Introduction

Training deep learning models with medical images is very difficult. Only a few data are accessible due to a variety of problems. In producing medical data, complicated issues such as human rights of patients, copyrights of the medical doctor who processed the medical information into the usable medical data, and other legal issues are entangled. Accordingly, Health Insurance Portability and Accountability Act (HIPAA) and General Data Protection Regulation (GDPR) were enacted in consideration of the issues mentioned above [1, 2]. However, these acts made the medical data more inaccessible, and even the patients themselves could not access their own data [3]. Therefore, medical data themselves are difficult to open public and relatively small amount of data are opened to public. Furthermore, labels of medical images are difficult to obtain. Fine labels labeled by a board-certified radiologist are expensive, and weak labels labeled using previous radiologic report could be inaccurate.

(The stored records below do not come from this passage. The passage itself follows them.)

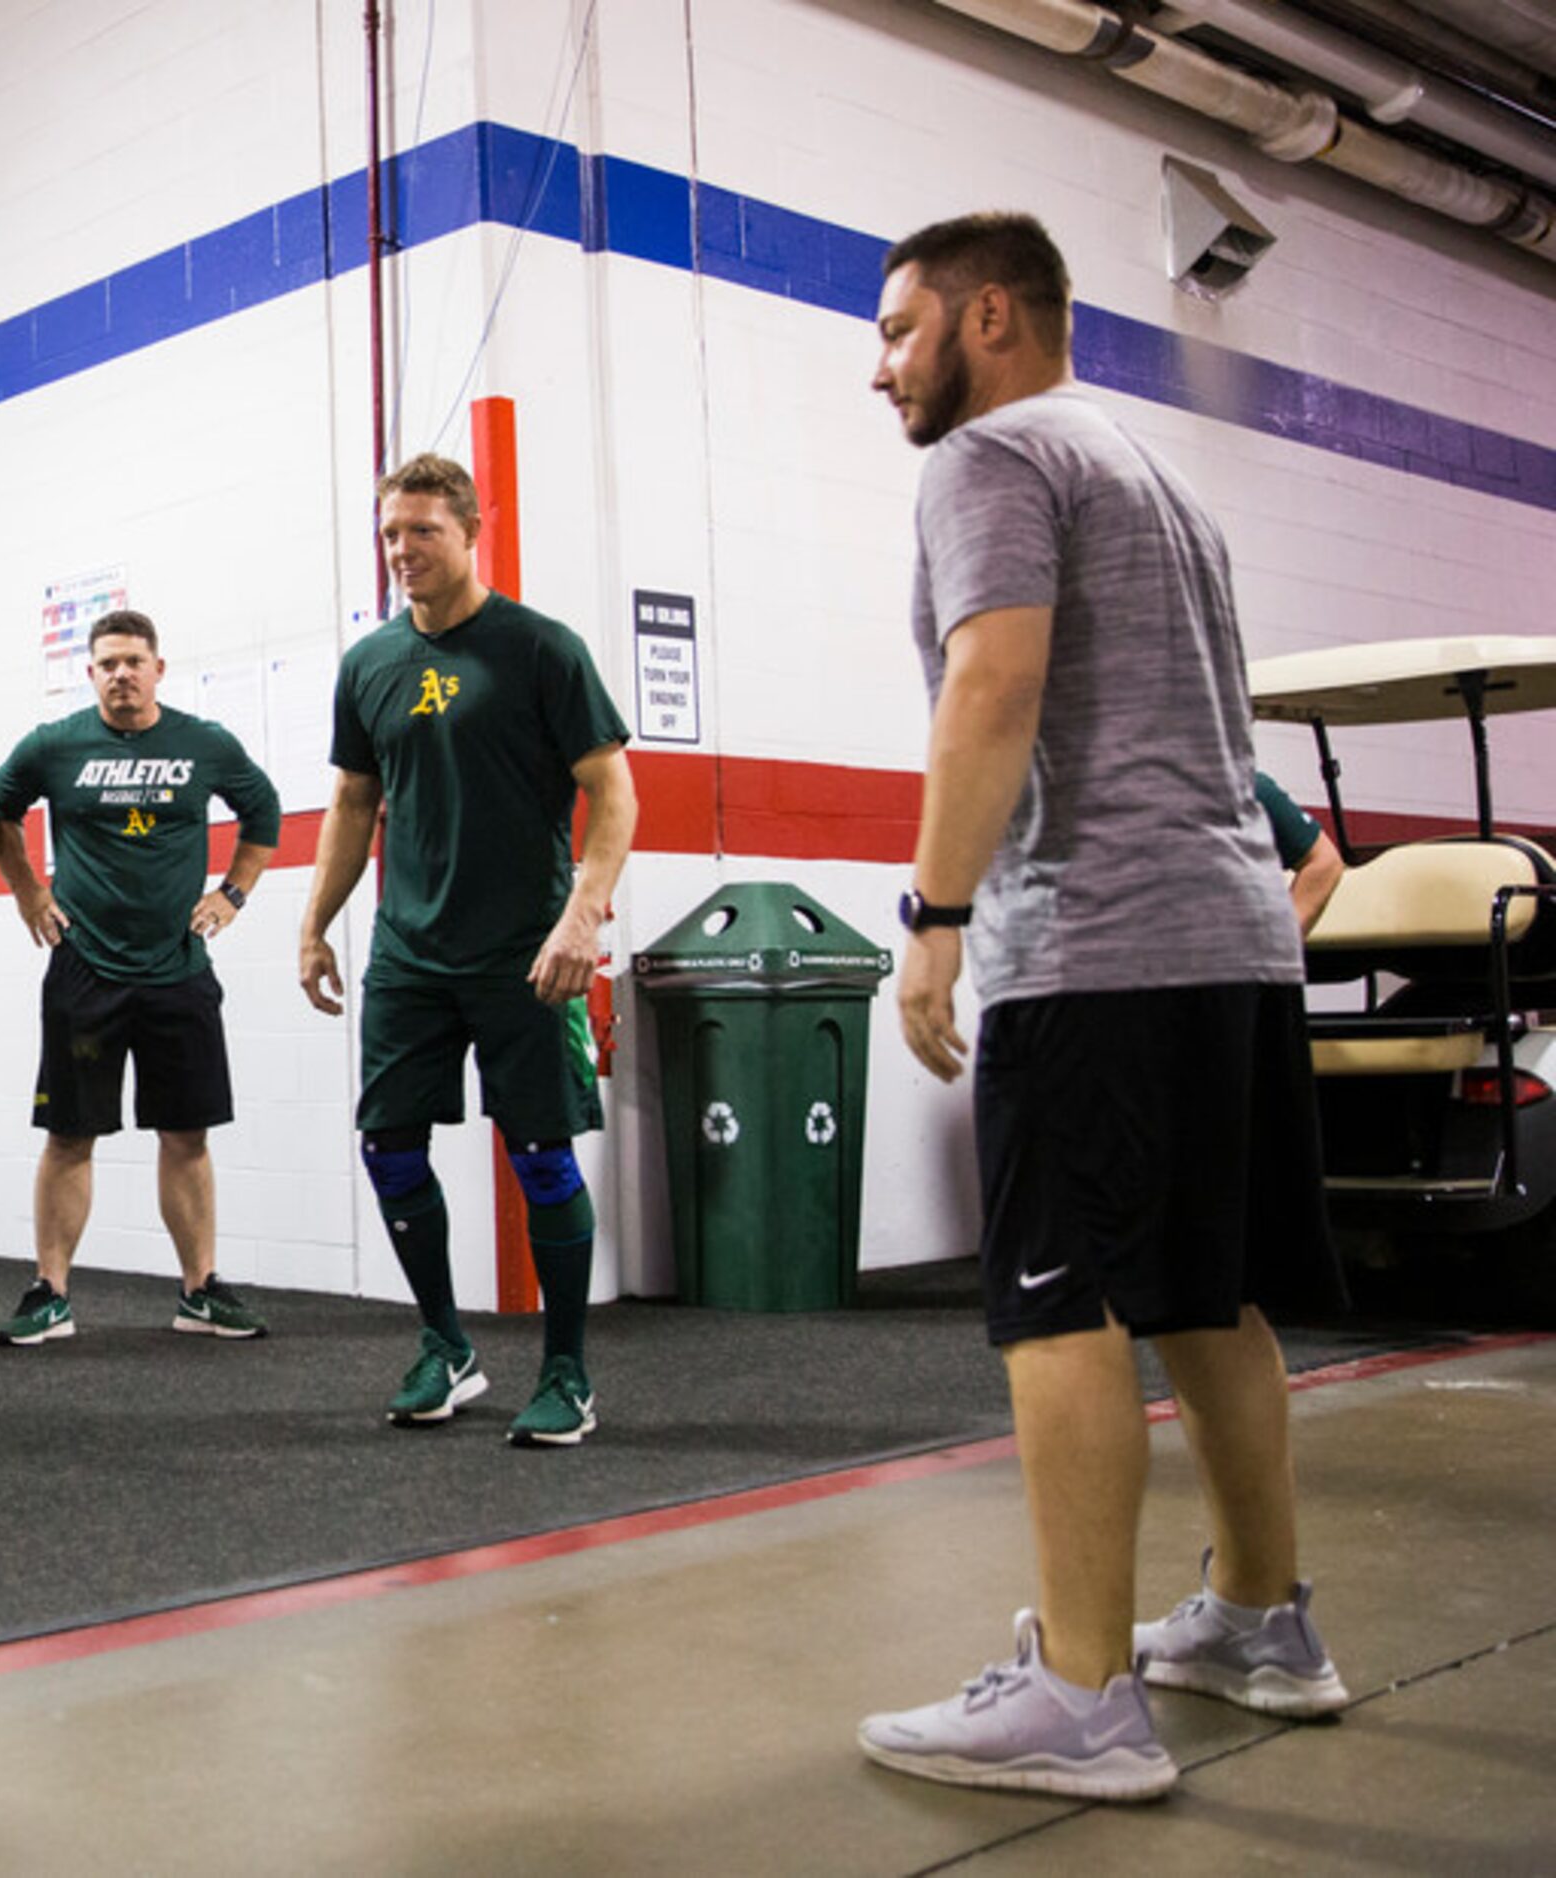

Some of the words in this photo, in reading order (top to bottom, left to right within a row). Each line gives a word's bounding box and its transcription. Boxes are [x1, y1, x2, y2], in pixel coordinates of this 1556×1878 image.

[639, 604, 654, 622] NO
[650, 645, 681, 662] PLEASE
[644, 666, 666, 682] TURN
[668, 670, 690, 684] YOUR
[649, 691, 687, 707] ENGINES
[660, 713, 677, 728] OFF
[74, 759, 195, 788] ATHLETICS

Self-supervised learning (SSL) method is one kind of unsupervised pretraining method which can utilize unlabeled data. Several studies have shown that self-supervised learning can improve the performance of target tasks without using labeled data [4,5,6,7]. Similarly, there have been some approaches to overcome the expensive label issues with self-supervised learning. For example, one study could improve the target tasks by training pretext tasks training such as relative position prediction and local region reconstruction [8]. Other study improved performances in dermatology and chest radiograph (CXR) image classification tasks by adopting self-supervised pretraining [9], and another study proposed self-supervised pretraining pipeline to provide transferable initialization [10]. Furthermore, they have also shown that these approaches can overcome labels not only in the pretraining but also in the target tasks.

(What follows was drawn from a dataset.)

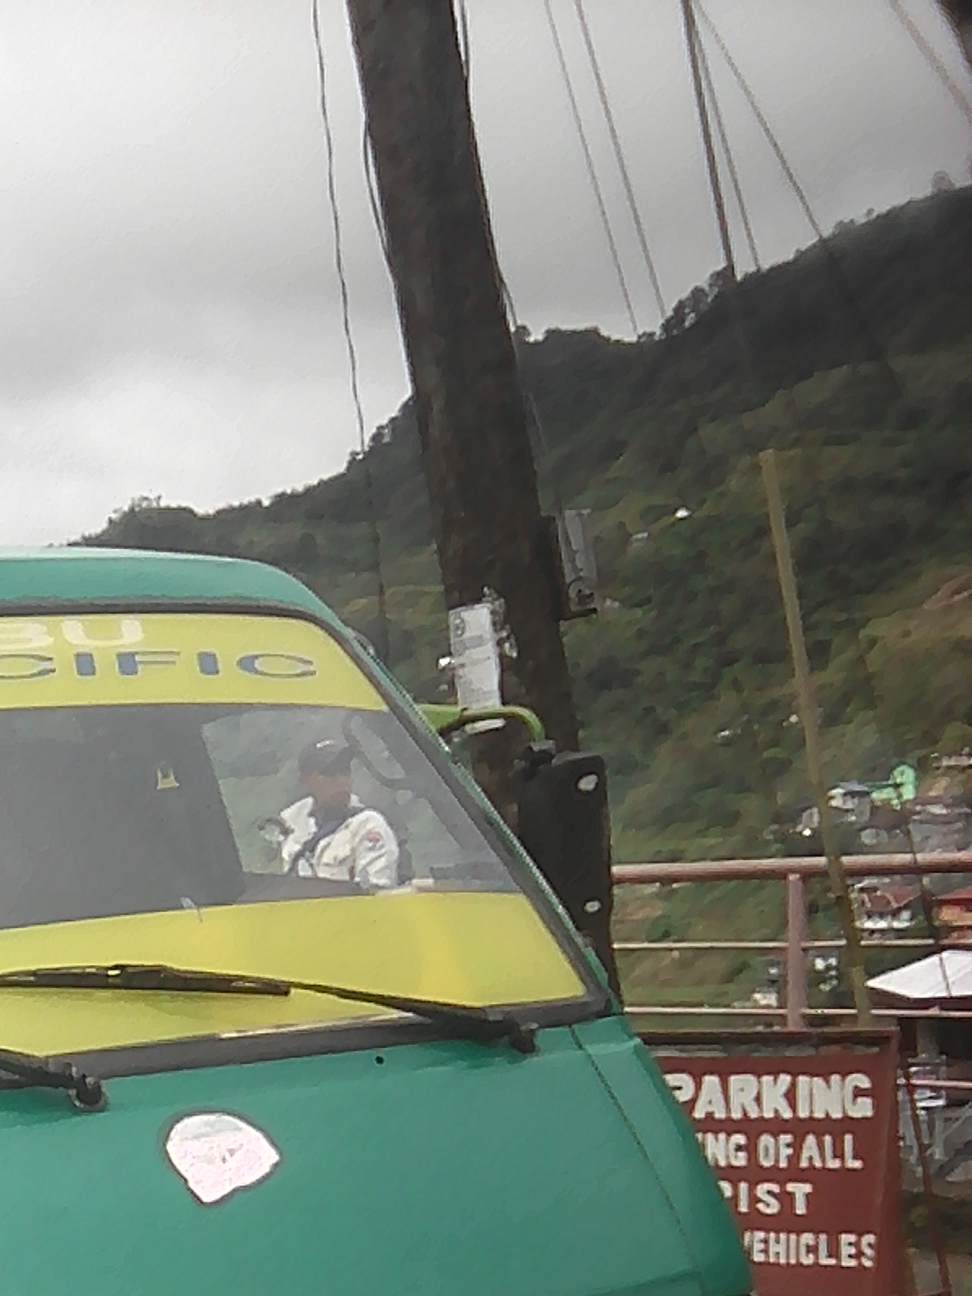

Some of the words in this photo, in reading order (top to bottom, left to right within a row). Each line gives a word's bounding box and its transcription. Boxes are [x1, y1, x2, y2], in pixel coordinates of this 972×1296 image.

[662, 1072, 876, 1120] PARKING
[757, 1132, 794, 1169] OF
[799, 1132, 865, 1170] ALL

Some of the large datasets of CXR images has been opened to public recently [11,12,13,14]. They helped develop models by allowing many deep learning researchers to access medical images. One research group collected these data together and opened pretrained models trained on these data for transfer learning [15]. However, the size of these datasets (112–372 K) is still small compared to ImageNet, a typical deep learning computer vision benchmark of about 1.2 M size [16]. A recent study reported that they have trained self-supervised network on 100 M medical images [17]. However, various modalities of medical images are used in this study, and 1.3 M X-ray images were used in this study. Furthermore, this pretrained model or images are still not accessible to peer researchers.

Still many researchers utilize ImageNet pretrained models in medical image deep learning tasks. However, regardless of the model performances, ImageNet pretrained models in medical image might seem unreasonable to medical personnel. ImageNet models are usually pretrained on 224 × 224 resolution images, while medical images have much higher resolution. Therefore, several researches used medical image pretrained models to improve medical image deep learning tasks [10, 18,19,20].

For example, pulmonary nodules on medical images are defined as well lesion smaller than 30 mm [21], which can be lost in downsizing images into low-resolution such as 224 × 224. In addition, ImageNet images are 3-channel RGB images, while radiologic images are usually 1-channel grayscale images. Therefore, ImageNet pretrained models can be less reliable in medical image due to the discrepancy in the settings between pretraining and target tasks. Furthermore, researchers might need more computational resources, such as GPU memories, since they typically resize 1-channel medical images to 3-channel images when using ImageNet pretrained models.

In this study, we propose chest X-ray pre-trained model via self-supervised contrastive learning (CheSS), which has been pretrained using considerable amount of CXR images and is freely accessible to researchers.

Materials and Methods

This retrospective study was conducted according to the principles of the Declaration of Helsinki and according to current scientific guidelines. The Institutional Review Board Committee approved the study protocol. The Institutional Review Board Committee waived the requirement for informed patient consent due to the retrospective nature of this study.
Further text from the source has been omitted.